──────── Dataset content ────────

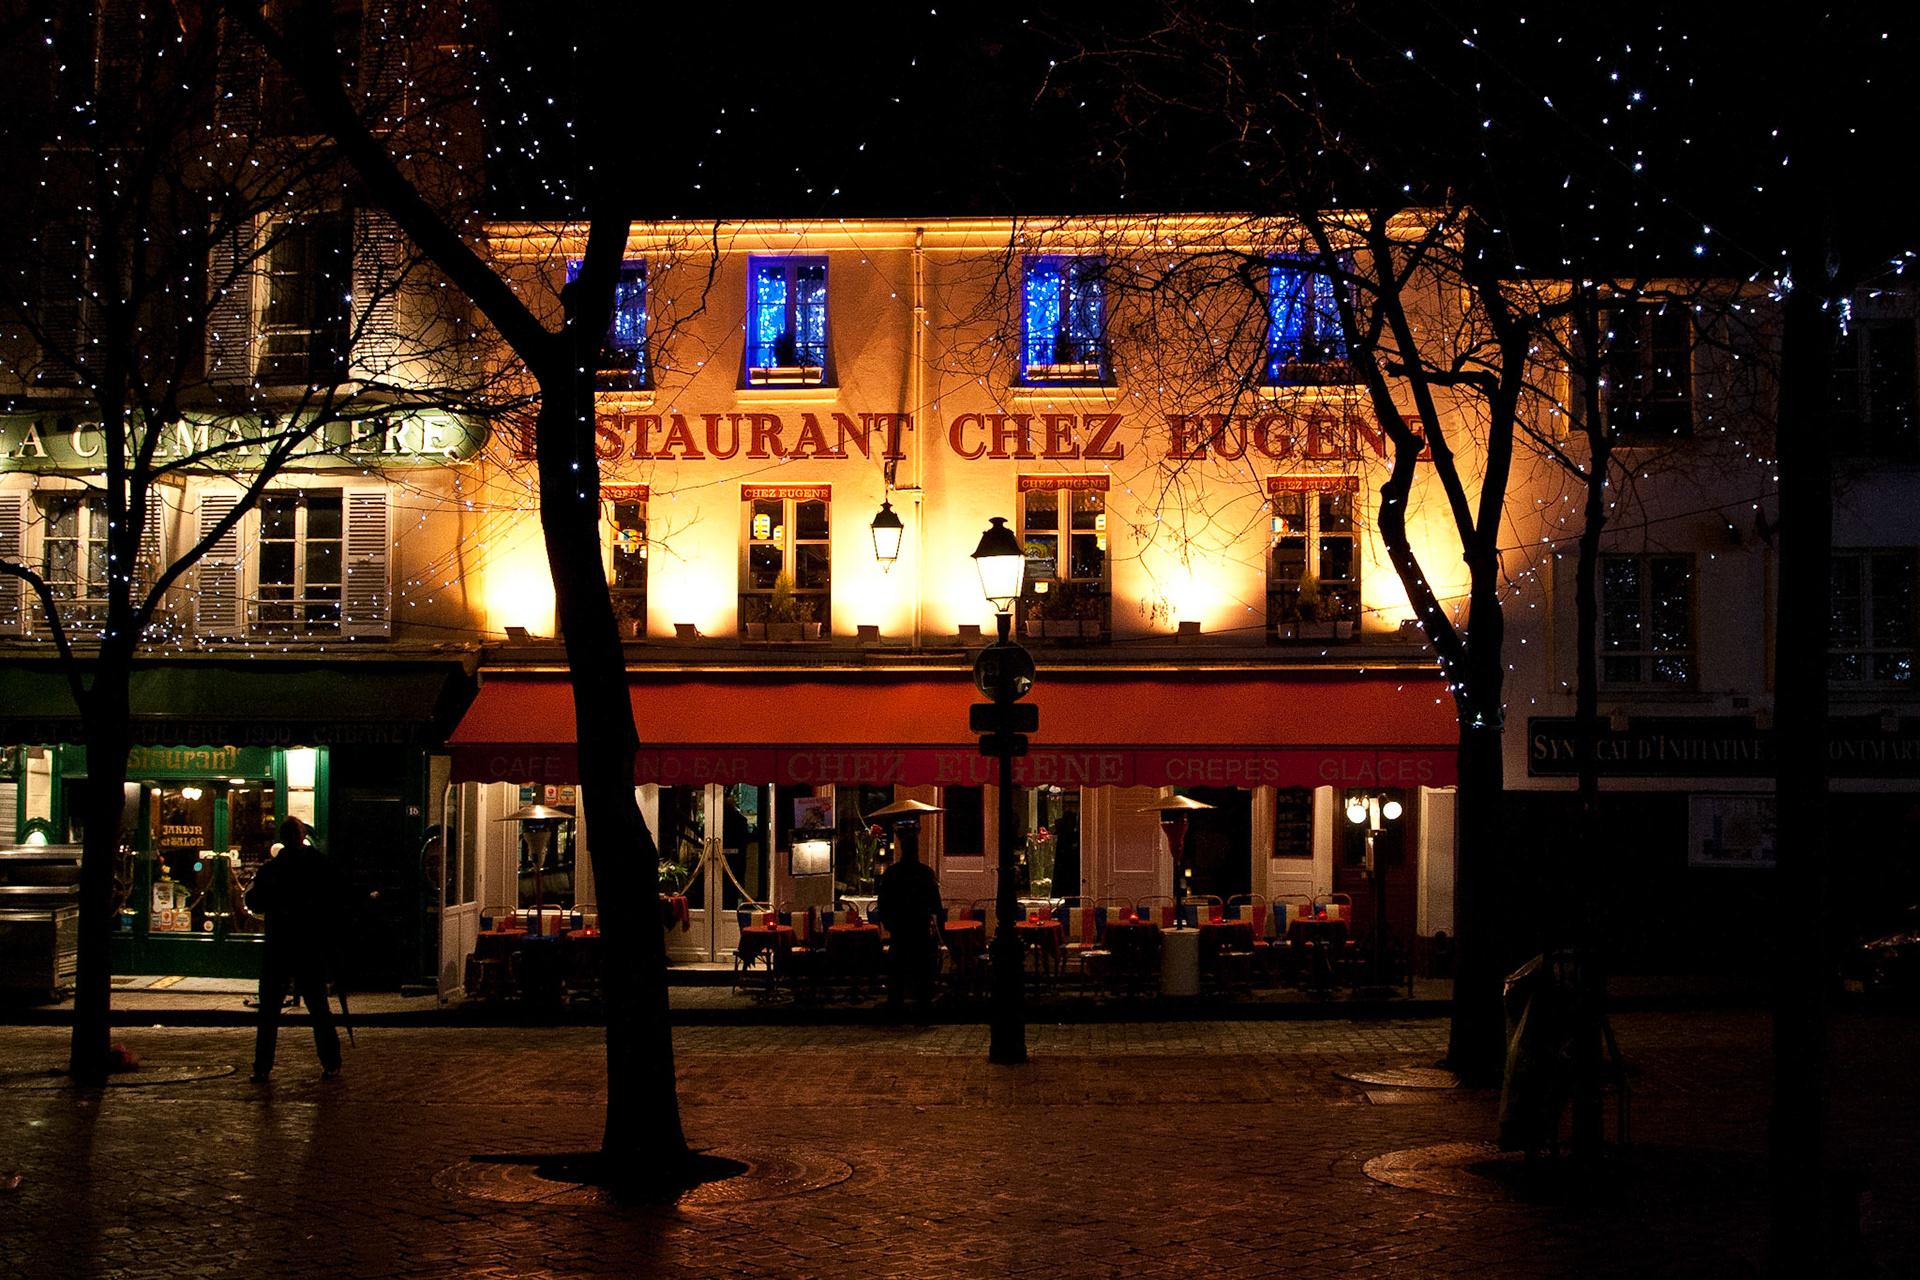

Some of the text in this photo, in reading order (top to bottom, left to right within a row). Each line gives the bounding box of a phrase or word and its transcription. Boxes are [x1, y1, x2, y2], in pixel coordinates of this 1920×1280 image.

[516, 413, 912, 460] STAURANT
[949, 413, 1124, 461] CHEZ
[744, 488, 828, 498] CHEZ EUGENE
[1021, 479, 1107, 489] CHEZ EUGENE
[1270, 481, 1302, 490] CHEZ
[244, 724, 292, 744] 1900
[1533, 734, 1632, 761] SYNCAT
[489, 756, 561, 778] CAFE
[787, 753, 1124, 782] CHEZ EUGENE
[1165, 758, 1280, 780] CREPES
[1318, 758, 1434, 780] GLACES
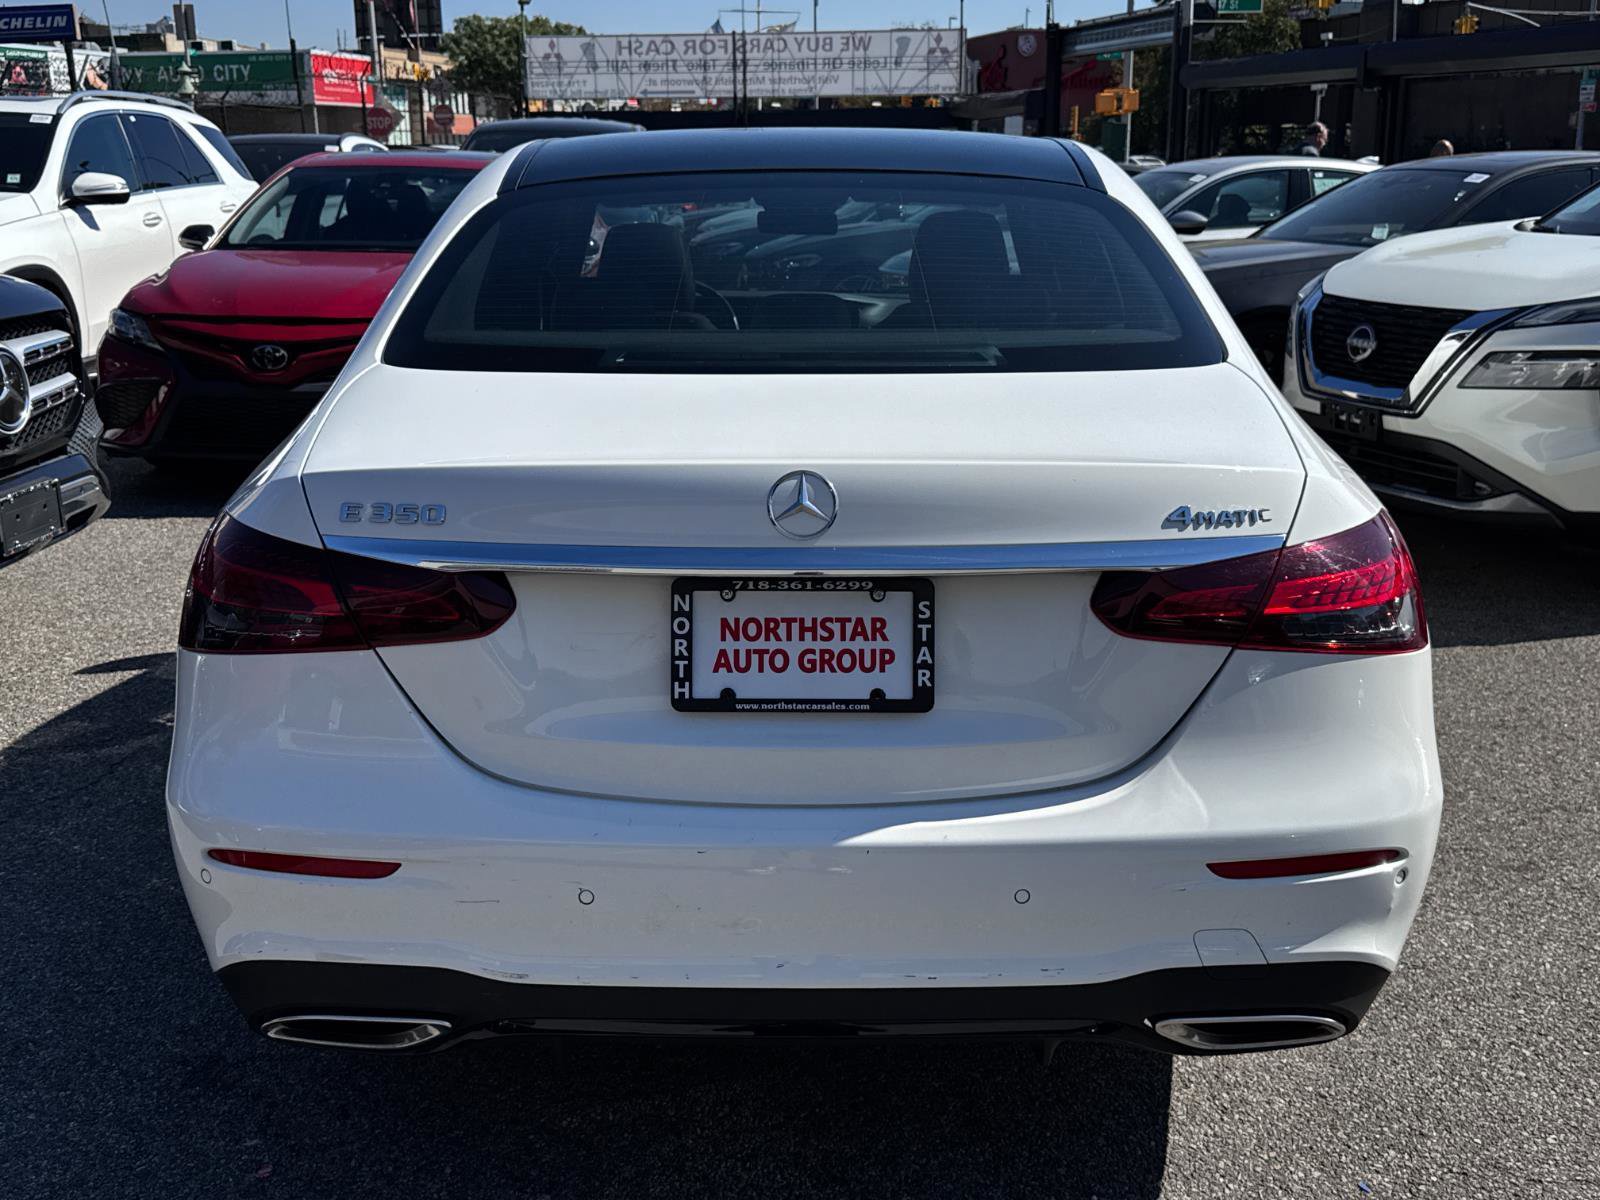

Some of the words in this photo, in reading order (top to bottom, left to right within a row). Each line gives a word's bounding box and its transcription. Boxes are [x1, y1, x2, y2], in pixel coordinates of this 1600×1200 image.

[213, 64, 250, 82] CITY
[367, 116, 392, 129] STOP
[339, 502, 363, 523] E
[369, 502, 446, 525] 350
[1160, 505, 1272, 532] 4MATIC
[732, 580, 874, 590] 718-361-6299
[720, 617, 889, 642] NORTHSTAR
[672, 593, 690, 699] NORTH
[917, 600, 932, 687] STAR
[712, 648, 790, 673] AUTO
[797, 648, 896, 673] GROUP
[735, 701, 871, 711] www.northstarcarsales.com

────────

What you should do:
Copy every record exactly, leaving the pictures out.

Solution to the problem:
Some of the text in this photo, in reading order (top to bottom, left to right within a row). Each line gives the bounding box of a phrase or word and its transcription. Boxes are [x1, y1, x2, y2], in pixel coordinates of this 1920×1280 image.

[516, 413, 912, 460] STAURANT
[949, 413, 1124, 461] CHEZ
[744, 488, 828, 498] CHEZ EUGENE
[1021, 479, 1107, 489] CHEZ EUGENE
[1270, 481, 1302, 490] CHEZ
[244, 724, 292, 744] 1900
[1533, 734, 1632, 761] SYNCAT
[489, 756, 561, 778] CAFE
[787, 753, 1124, 782] CHEZ EUGENE
[1165, 758, 1280, 780] CREPES
[1318, 758, 1434, 780] GLACES

Some of the words in this photo, in reading order (top to bottom, left to right within a row). Each line gives a word's bounding box and its transcription. Boxes are [x1, y1, x2, y2], in pixel coordinates of this 1600×1200 image.

[213, 64, 250, 82] CITY
[367, 116, 392, 129] STOP
[339, 502, 363, 523] E
[369, 502, 446, 525] 350
[1160, 505, 1272, 532] 4MATIC
[732, 580, 874, 590] 718-361-6299
[720, 617, 889, 642] NORTHSTAR
[672, 593, 690, 699] NORTH
[917, 600, 932, 687] STAR
[712, 648, 790, 673] AUTO
[797, 648, 896, 673] GROUP
[735, 701, 871, 711] www.northstarcarsales.com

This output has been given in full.